▶ **Source material**:
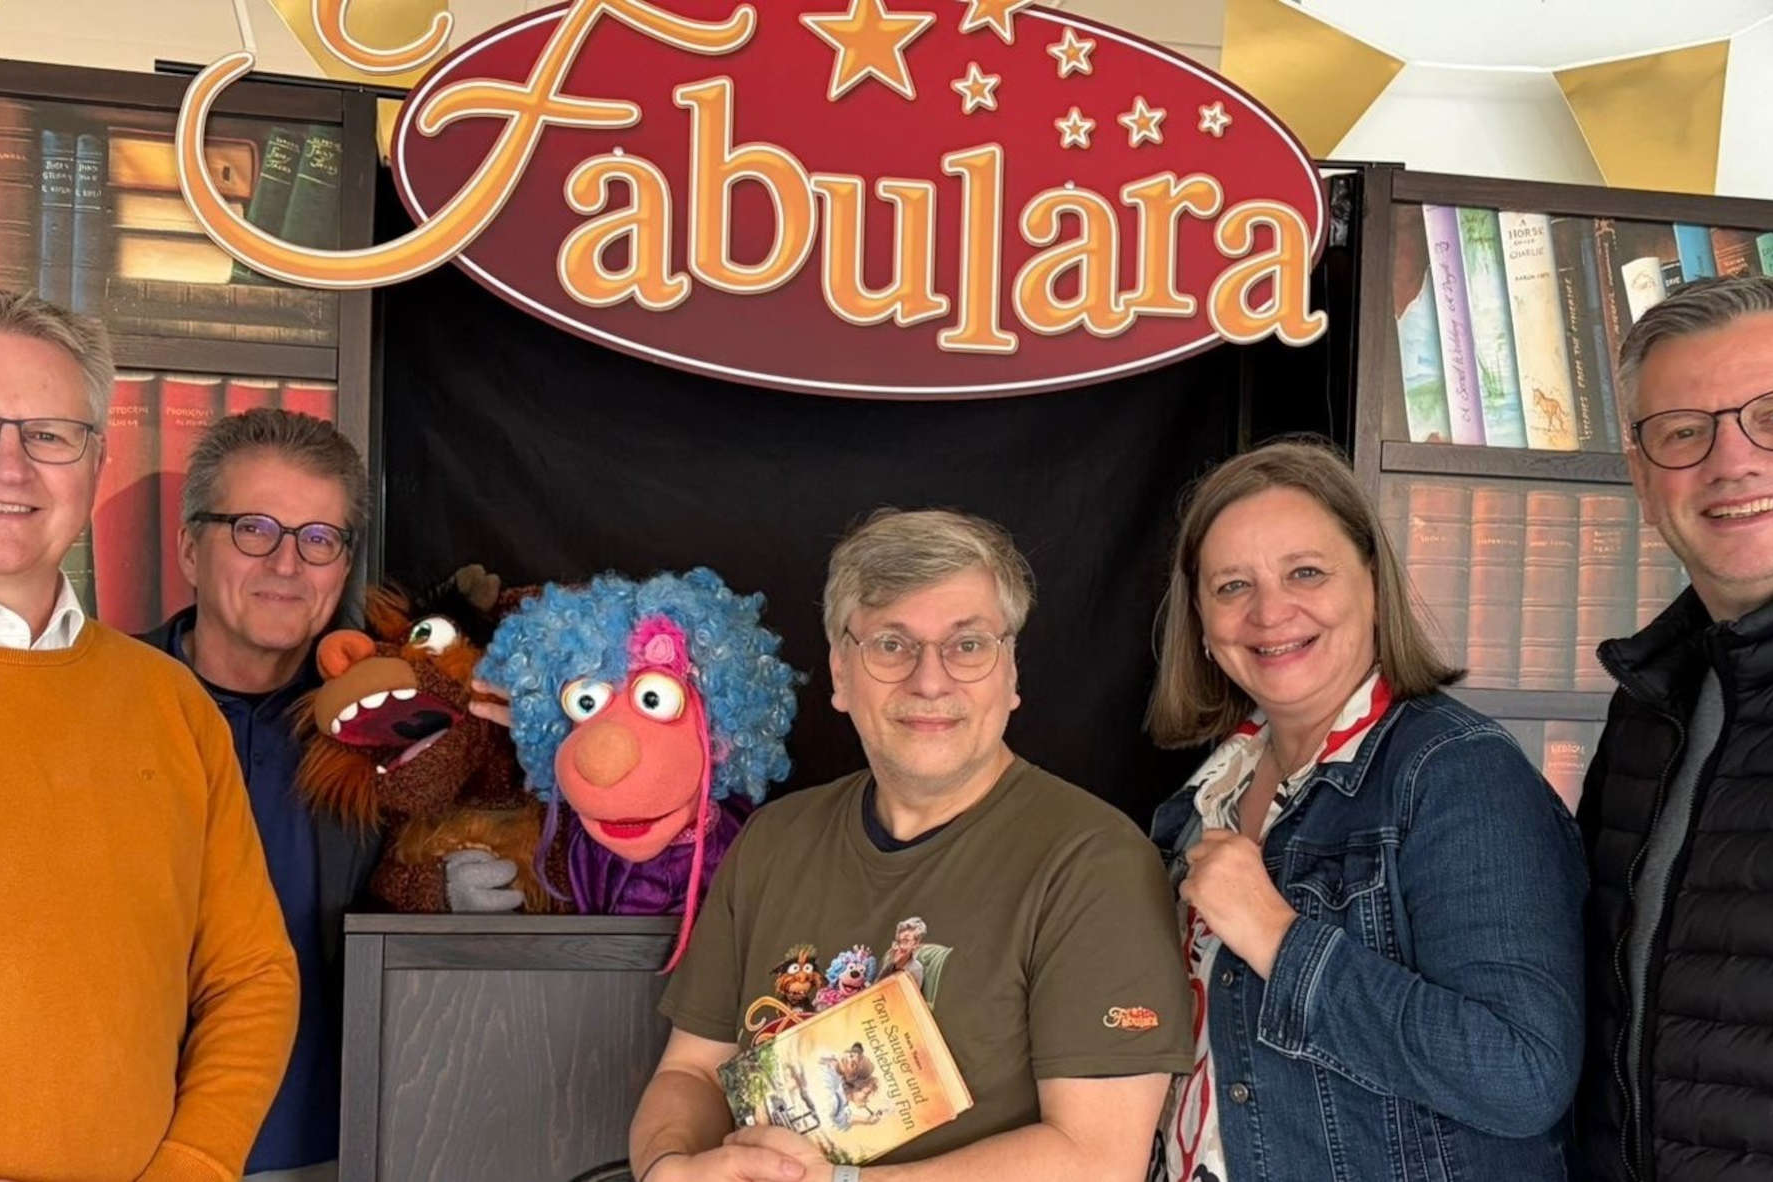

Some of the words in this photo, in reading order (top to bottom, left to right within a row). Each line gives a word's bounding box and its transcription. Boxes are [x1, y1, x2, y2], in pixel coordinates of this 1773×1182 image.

[176, 0, 1328, 353] Fabulara
[862, 1018, 902, 1099] Huckleberry
[895, 1099, 916, 1131] Finn
[872, 994, 890, 1024] Tom
[884, 1024, 914, 1074] Sawyer
[906, 1078, 930, 1105] und
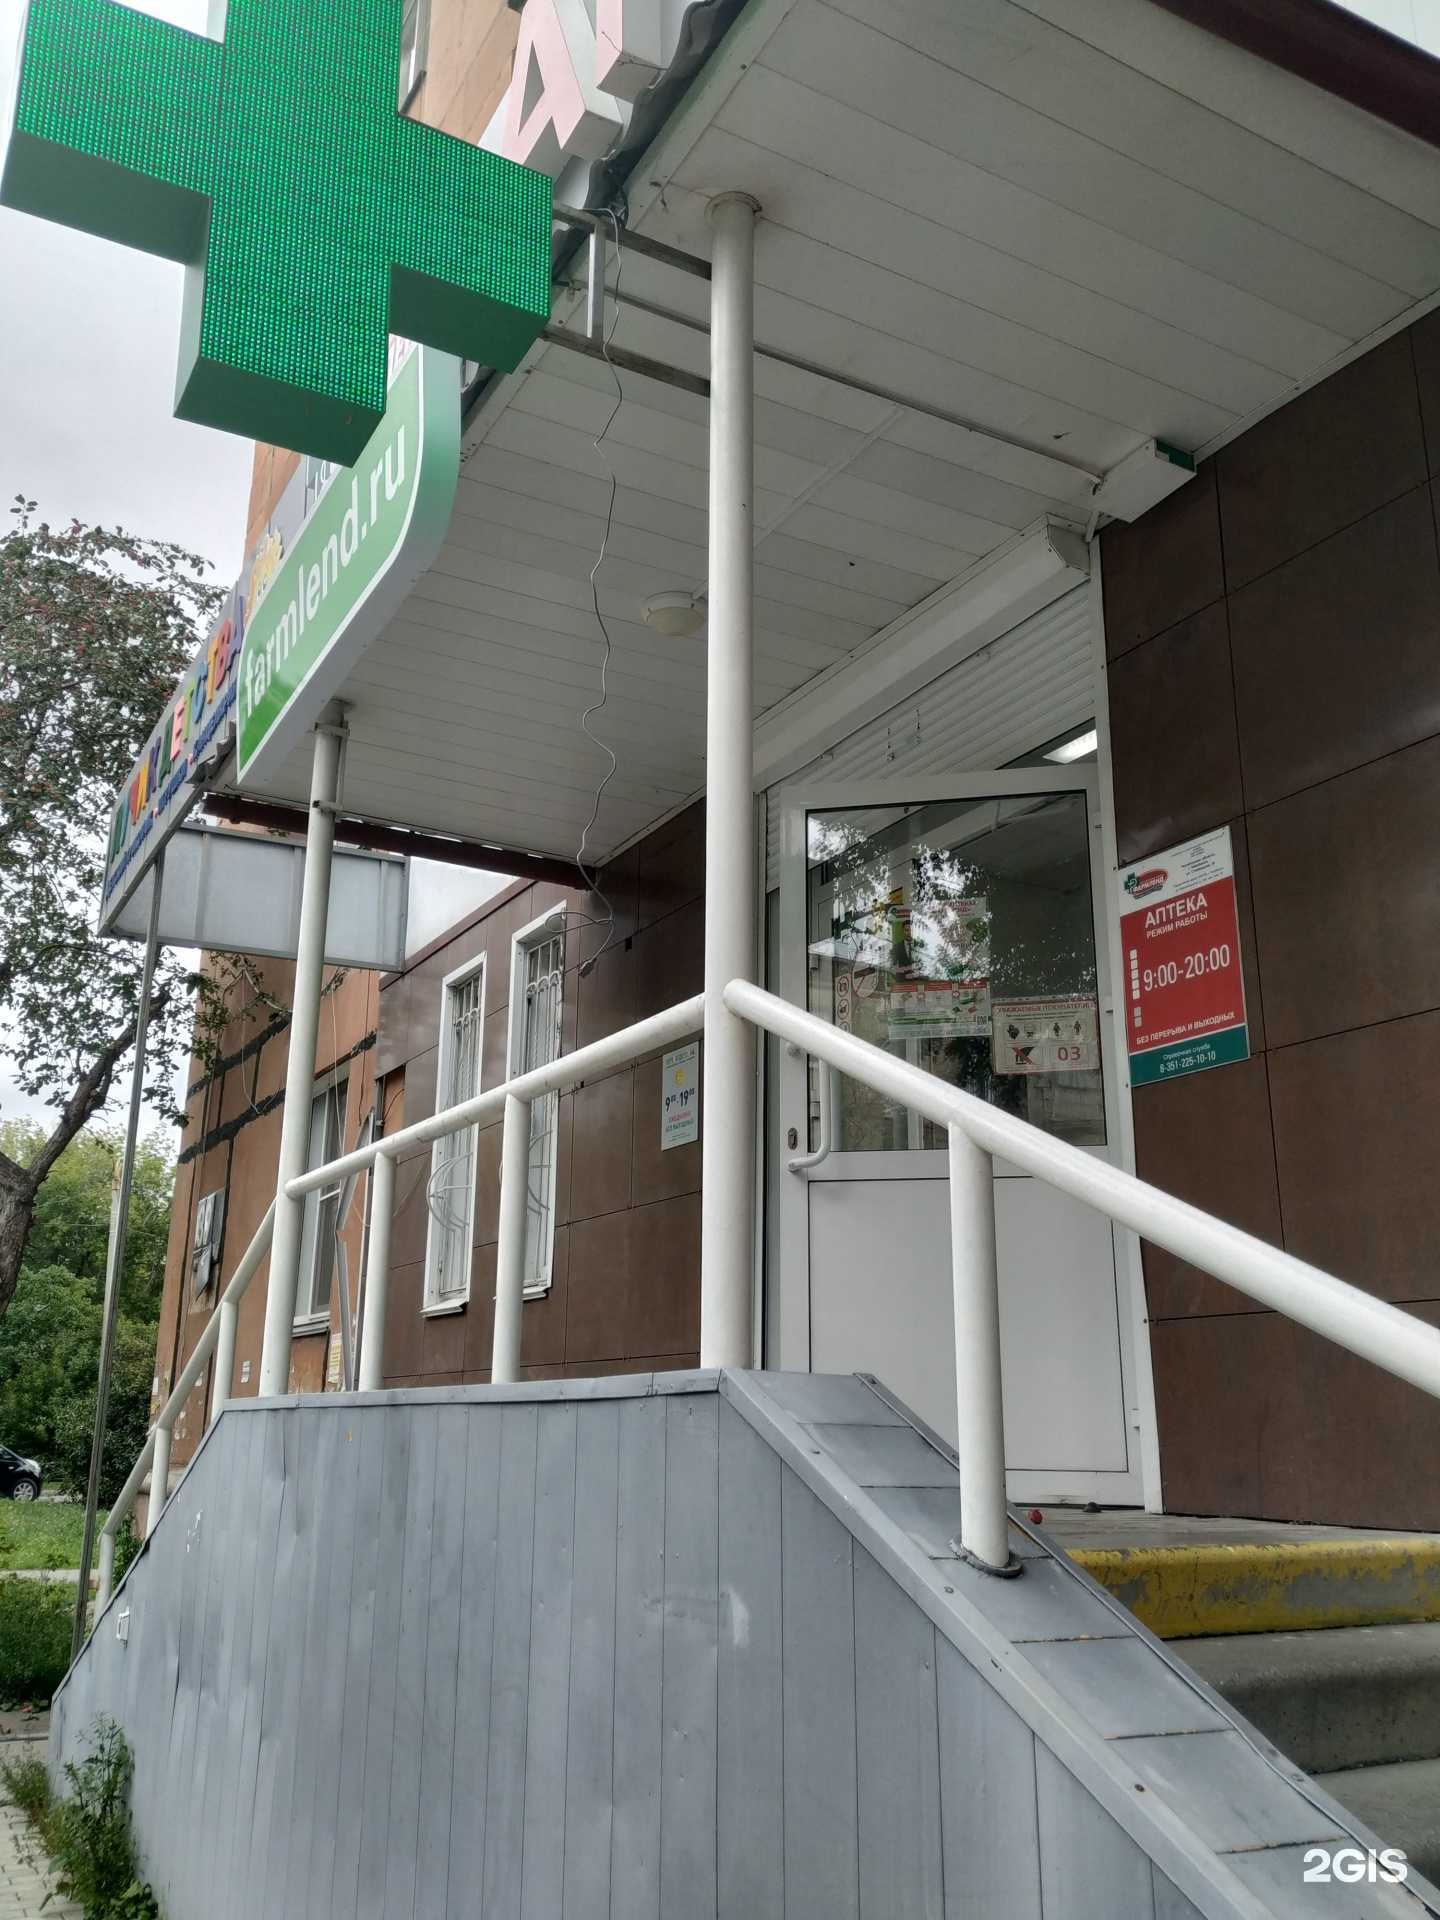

▶ **Assignment**: Pictures excluded, set down all the entries exactly.

▶ **Exercise output**:
Some of the words in this photo, in reading order (top to bottom, left to right within a row). Each line gives a word's bounding box and its transcription. Boxes are [x1, y1, x2, y2], in pixel coordinates of this 1773×1182 image.

[176, 0, 1328, 353] Fabulara
[862, 1018, 902, 1099] Huckleberry
[895, 1099, 916, 1131] Finn
[872, 994, 890, 1024] Tom
[884, 1024, 914, 1074] Sawyer
[906, 1078, 930, 1105] und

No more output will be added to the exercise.